**Problem to work on**
The records below need to be repeated exactly, though not their pictures.
Given data below:
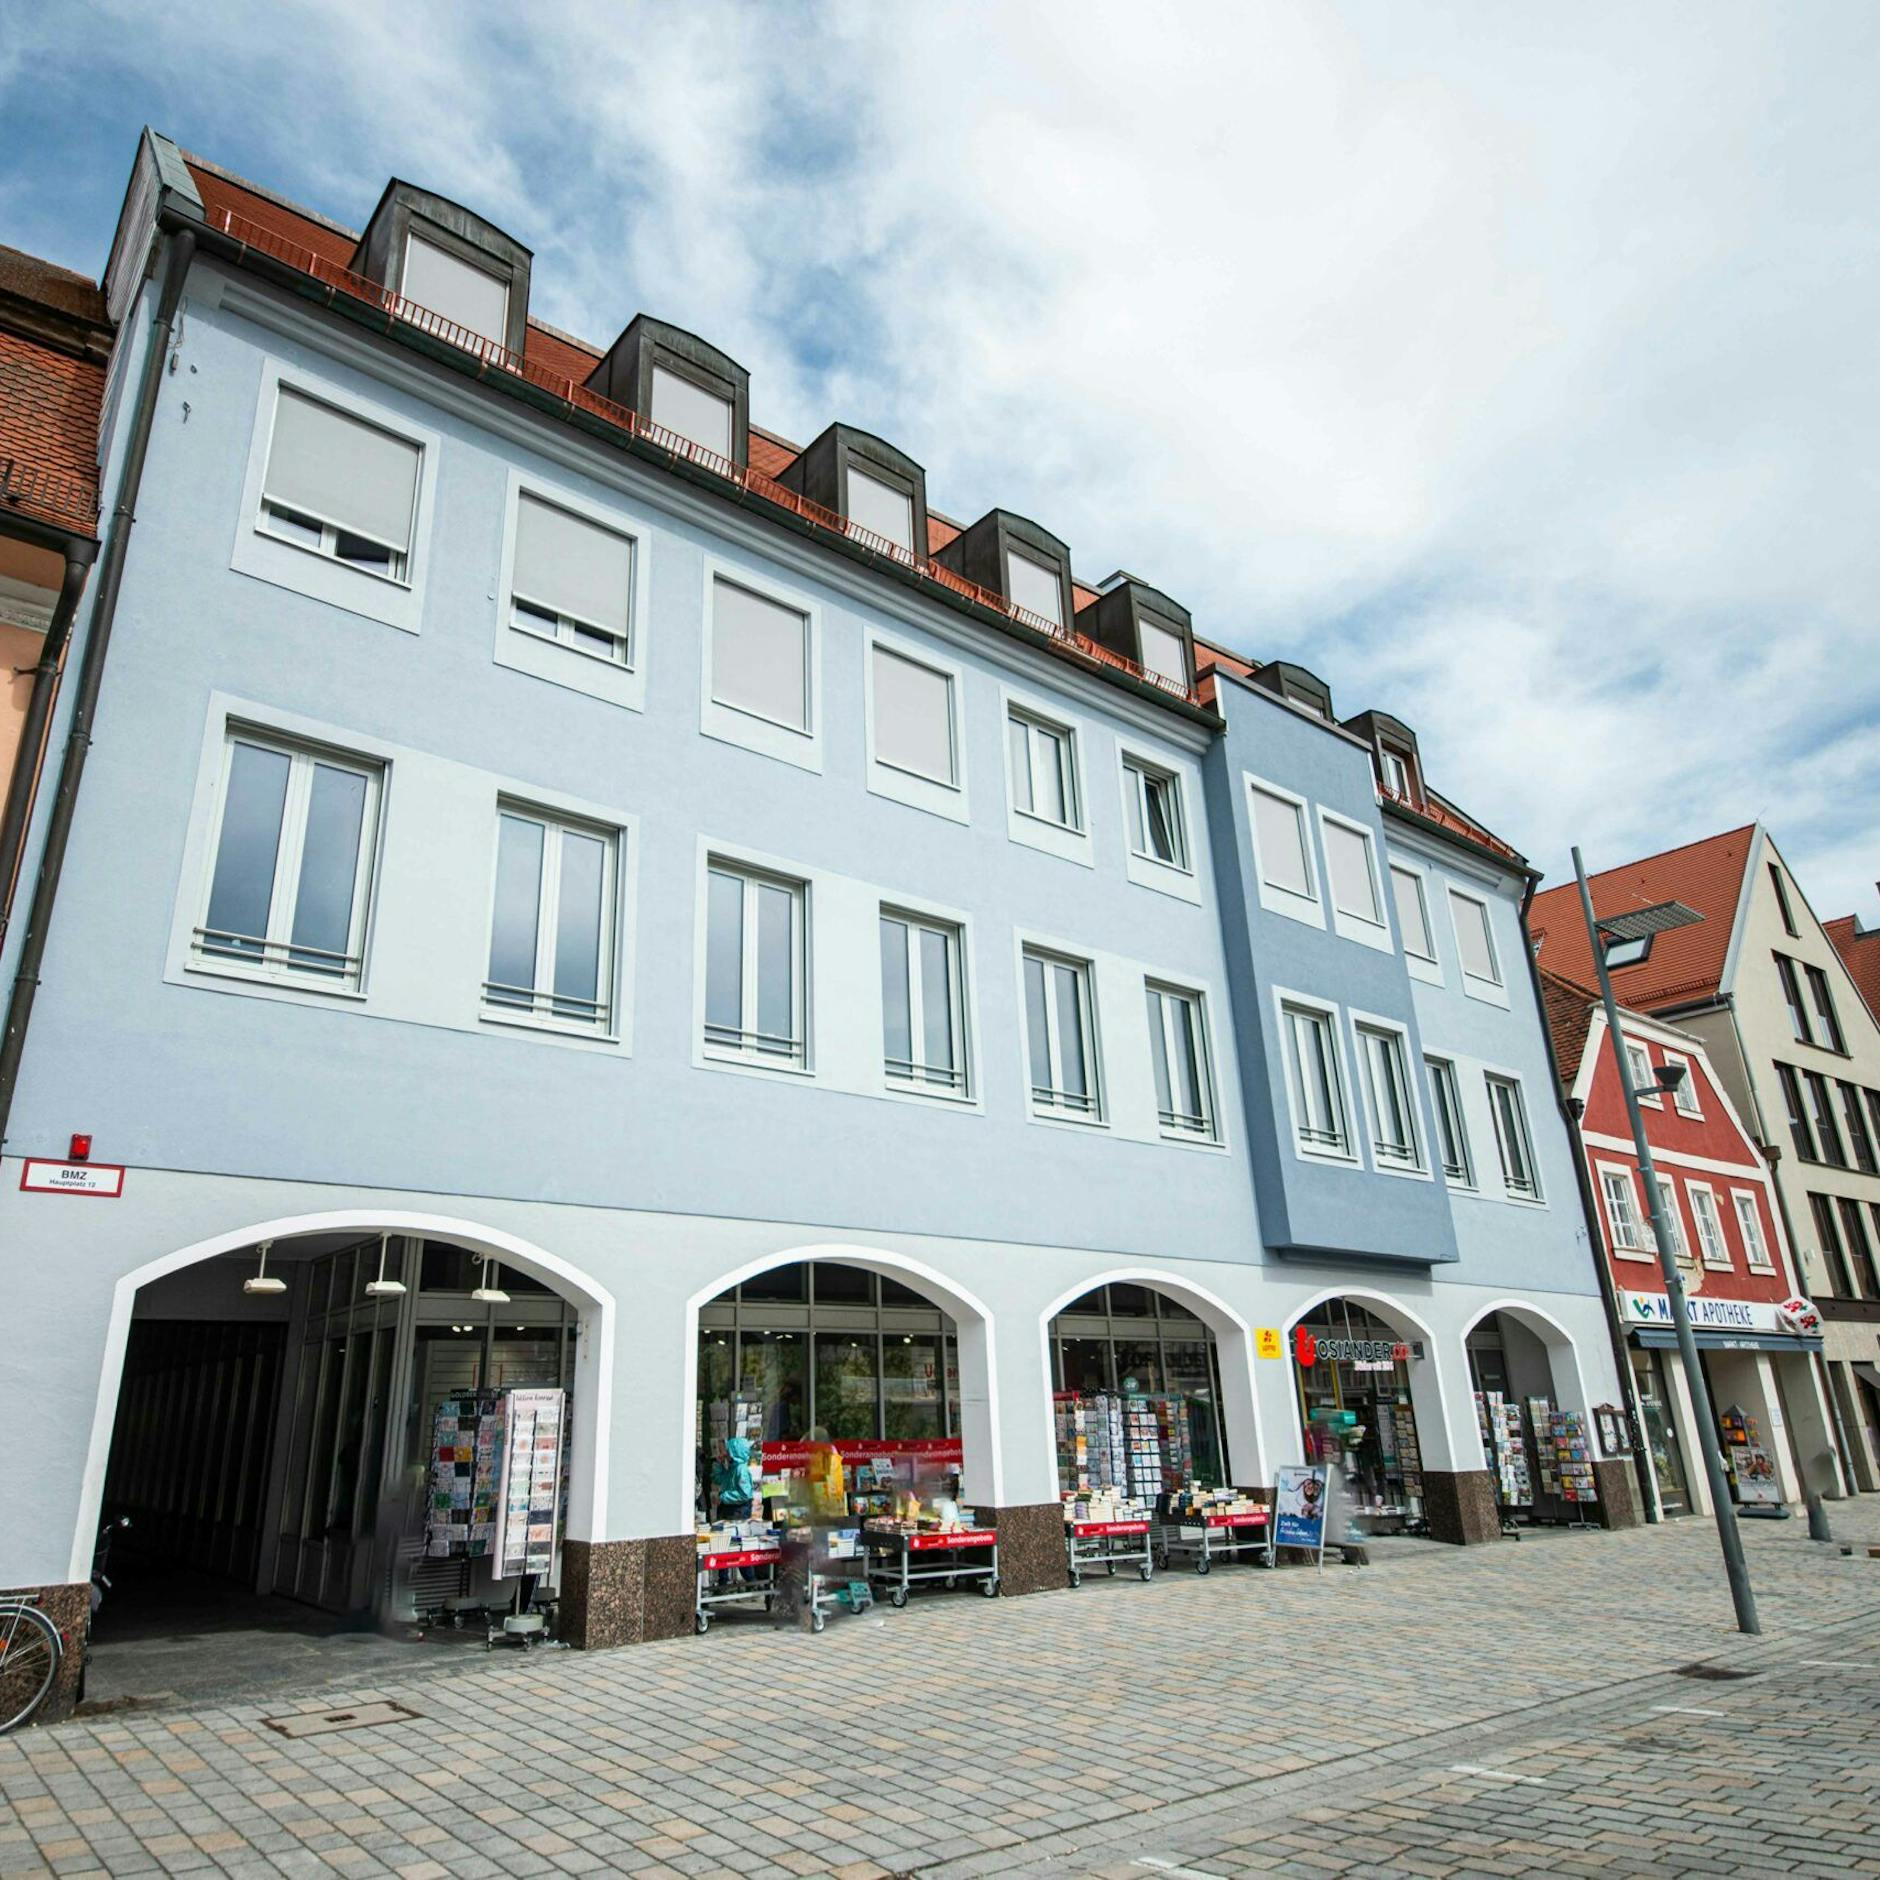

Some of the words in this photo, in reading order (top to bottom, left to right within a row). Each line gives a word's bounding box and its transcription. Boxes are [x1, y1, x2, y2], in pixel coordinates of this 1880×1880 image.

[61, 1169, 87, 1180] BMZ
[49, 1178, 86, 1187] Hauptplatz
[1658, 1298, 1698, 1321] MKT
[1702, 1302, 1753, 1325] APOTHEKE
End of Given data.
**The answer**
Some of the words in this photo, in reading order (top to bottom, left to right within a row). Each line gives a word's bounding box and its transcription. Boxes are [x1, y1, x2, y2], in pixel coordinates of this 1880×1880 image.

[61, 1169, 87, 1180] BMZ
[49, 1178, 86, 1187] Hauptplatz
[1658, 1298, 1698, 1321] MKT
[1702, 1302, 1753, 1325] APOTHEKE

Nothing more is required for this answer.